### WORK TASK
Transcribe the entries below exactly as they appear.

### DATA FOR PROCESSING
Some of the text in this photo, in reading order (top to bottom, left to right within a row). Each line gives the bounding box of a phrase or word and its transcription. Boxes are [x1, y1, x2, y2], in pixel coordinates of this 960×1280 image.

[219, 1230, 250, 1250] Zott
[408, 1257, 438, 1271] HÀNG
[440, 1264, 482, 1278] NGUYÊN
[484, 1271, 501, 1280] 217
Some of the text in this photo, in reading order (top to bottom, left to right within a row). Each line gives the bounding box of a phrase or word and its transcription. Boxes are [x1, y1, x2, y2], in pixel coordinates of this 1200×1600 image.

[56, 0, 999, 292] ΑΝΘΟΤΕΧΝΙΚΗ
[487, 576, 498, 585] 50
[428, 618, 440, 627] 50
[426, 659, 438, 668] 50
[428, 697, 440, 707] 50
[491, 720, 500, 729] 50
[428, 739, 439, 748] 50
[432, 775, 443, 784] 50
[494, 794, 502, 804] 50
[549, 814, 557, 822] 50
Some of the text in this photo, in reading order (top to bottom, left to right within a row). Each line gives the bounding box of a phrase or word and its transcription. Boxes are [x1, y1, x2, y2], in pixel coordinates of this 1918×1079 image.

### OUTPUT BELOW
Some of the text in this photo, in reading order (top to bottom, left to right within a row). Each line gives the bounding box of a phrase or word and its transcription. Boxes are [x1, y1, x2, y2], in pixel coordinates of this 960×1280 image.

[219, 1230, 250, 1250] Zott
[408, 1257, 438, 1271] HÀNG
[440, 1264, 482, 1278] NGUYÊN
[484, 1271, 501, 1280] 217
Some of the text in this photo, in reading order (top to bottom, left to right within a row). Each line gives the bounding box of a phrase or word and its transcription. Boxes are [x1, y1, x2, y2], in pixel coordinates of this 1200×1600 image.

[56, 0, 999, 292] ΑΝΘΟΤΕΧΝΙΚΗ
[487, 576, 498, 585] 50
[428, 618, 440, 627] 50
[426, 659, 438, 668] 50
[428, 697, 440, 707] 50
[491, 720, 500, 729] 50
[428, 739, 439, 748] 50
[432, 775, 443, 784] 50
[494, 794, 502, 804] 50
[549, 814, 557, 822] 50
Some of the text in this photo, in reading order (top to bottom, left to right within a row). Each line gives the bounding box of a phrase or word and its transcription. Boxes are [x1, y1, x2, y2], in pixel coordinates of this 1918×1079 image.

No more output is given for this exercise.